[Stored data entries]
>>

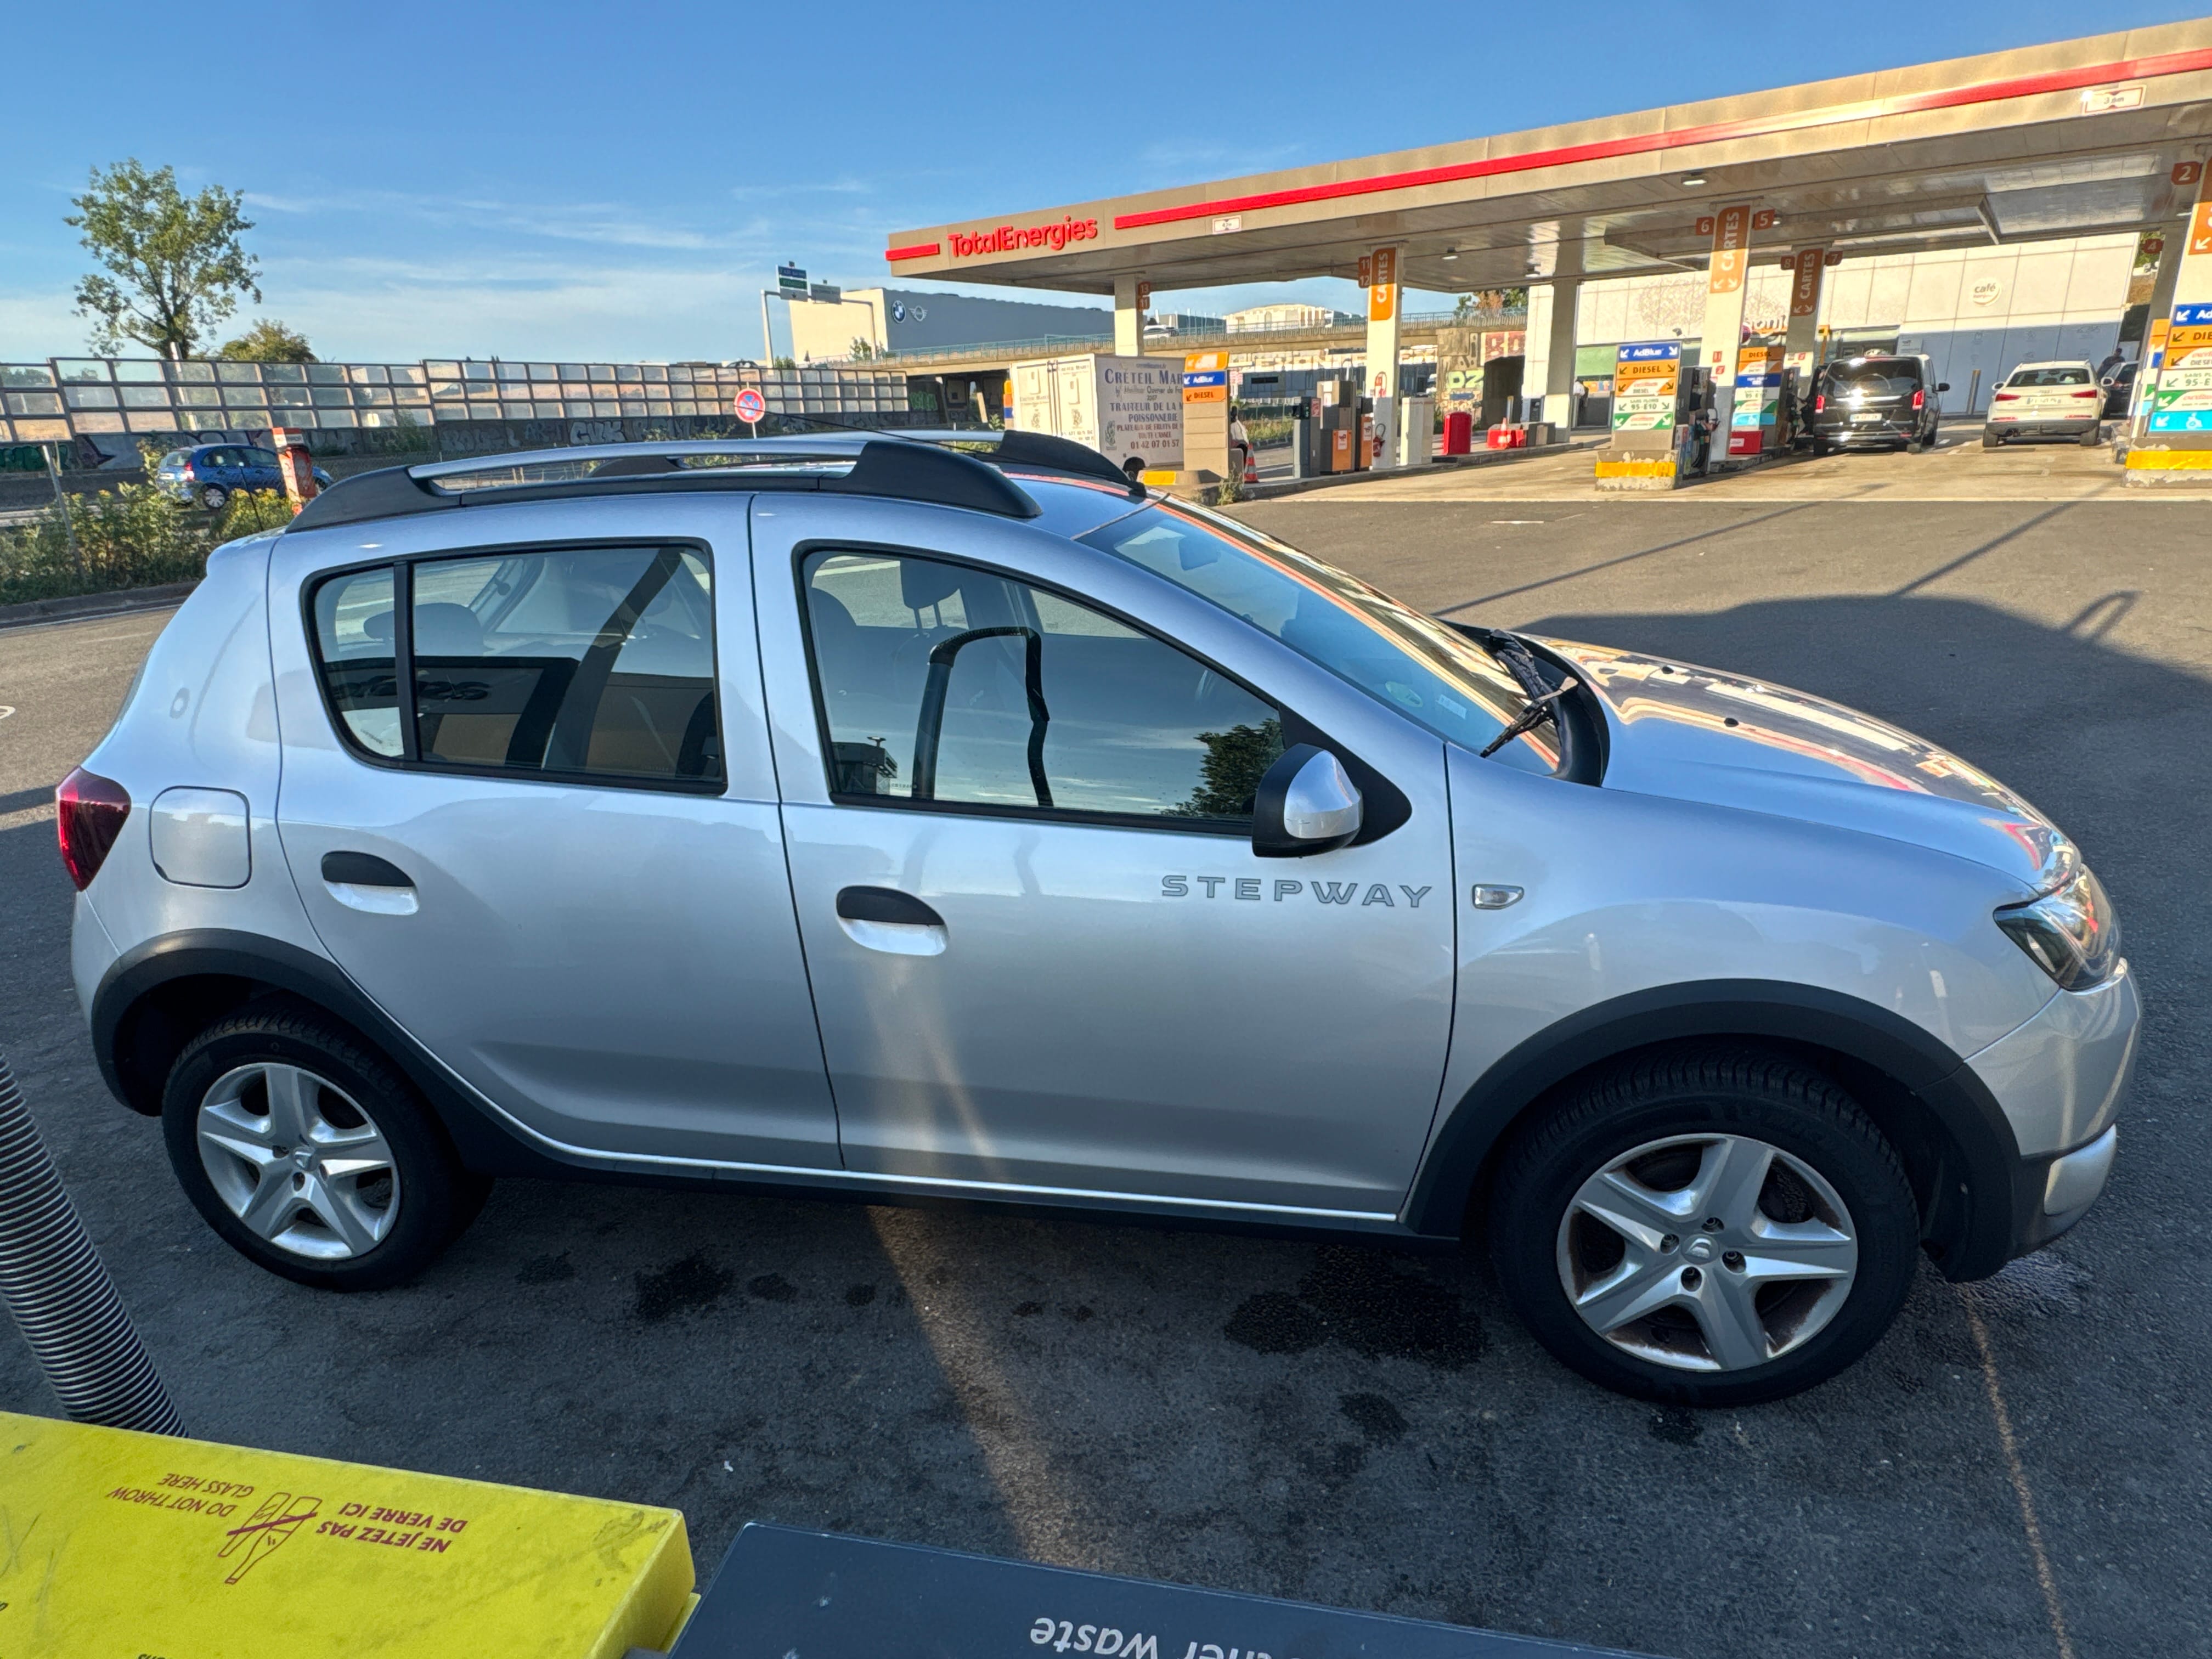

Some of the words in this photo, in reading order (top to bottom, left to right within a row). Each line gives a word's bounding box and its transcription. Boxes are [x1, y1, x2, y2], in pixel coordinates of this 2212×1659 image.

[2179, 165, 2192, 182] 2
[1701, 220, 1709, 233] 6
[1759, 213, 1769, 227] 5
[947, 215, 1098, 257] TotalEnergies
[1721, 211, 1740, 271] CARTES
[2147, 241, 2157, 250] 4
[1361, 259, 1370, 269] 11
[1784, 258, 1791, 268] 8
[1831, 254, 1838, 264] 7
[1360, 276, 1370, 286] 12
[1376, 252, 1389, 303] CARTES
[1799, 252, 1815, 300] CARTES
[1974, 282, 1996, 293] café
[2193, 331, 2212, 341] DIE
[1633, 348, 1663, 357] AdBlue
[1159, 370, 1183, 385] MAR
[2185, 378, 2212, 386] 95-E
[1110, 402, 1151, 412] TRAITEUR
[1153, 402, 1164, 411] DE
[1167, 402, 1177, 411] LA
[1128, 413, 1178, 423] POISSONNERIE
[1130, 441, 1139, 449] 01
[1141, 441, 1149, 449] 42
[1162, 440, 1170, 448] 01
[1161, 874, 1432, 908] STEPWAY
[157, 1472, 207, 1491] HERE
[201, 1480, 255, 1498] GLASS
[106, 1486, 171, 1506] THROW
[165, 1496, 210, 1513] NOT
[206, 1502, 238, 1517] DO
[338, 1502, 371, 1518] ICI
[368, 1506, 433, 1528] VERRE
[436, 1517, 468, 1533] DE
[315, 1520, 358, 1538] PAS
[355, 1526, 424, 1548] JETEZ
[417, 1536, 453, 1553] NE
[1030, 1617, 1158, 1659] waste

<<

*THE PROBLEM*
Send back every line above exactly, skipping all pictures.

*RESPONSE BELOW*
Some of the words in this photo, in reading order (top to bottom, left to right within a row). Each line gives a word's bounding box and its transcription. Boxes are [x1, y1, x2, y2], in pixel coordinates of this 2212×1659 image.

[2179, 165, 2192, 182] 2
[1701, 220, 1709, 233] 6
[1759, 213, 1769, 227] 5
[947, 215, 1098, 257] TotalEnergies
[1721, 211, 1740, 271] CARTES
[2147, 241, 2157, 250] 4
[1361, 259, 1370, 269] 11
[1784, 258, 1791, 268] 8
[1831, 254, 1838, 264] 7
[1360, 276, 1370, 286] 12
[1376, 252, 1389, 303] CARTES
[1799, 252, 1815, 300] CARTES
[1974, 282, 1996, 293] café
[2193, 331, 2212, 341] DIE
[1633, 348, 1663, 357] AdBlue
[1159, 370, 1183, 385] MAR
[2185, 378, 2212, 386] 95-E
[1110, 402, 1151, 412] TRAITEUR
[1153, 402, 1164, 411] DE
[1167, 402, 1177, 411] LA
[1128, 413, 1178, 423] POISSONNERIE
[1130, 441, 1139, 449] 01
[1141, 441, 1149, 449] 42
[1162, 440, 1170, 448] 01
[1161, 874, 1432, 908] STEPWAY
[157, 1472, 207, 1491] HERE
[201, 1480, 255, 1498] GLASS
[106, 1486, 171, 1506] THROW
[165, 1496, 210, 1513] NOT
[206, 1502, 238, 1517] DO
[338, 1502, 371, 1518] ICI
[368, 1506, 433, 1528] VERRE
[436, 1517, 468, 1533] DE
[315, 1520, 358, 1538] PAS
[355, 1526, 424, 1548] JETEZ
[417, 1536, 453, 1553] NE
[1030, 1617, 1158, 1659] waste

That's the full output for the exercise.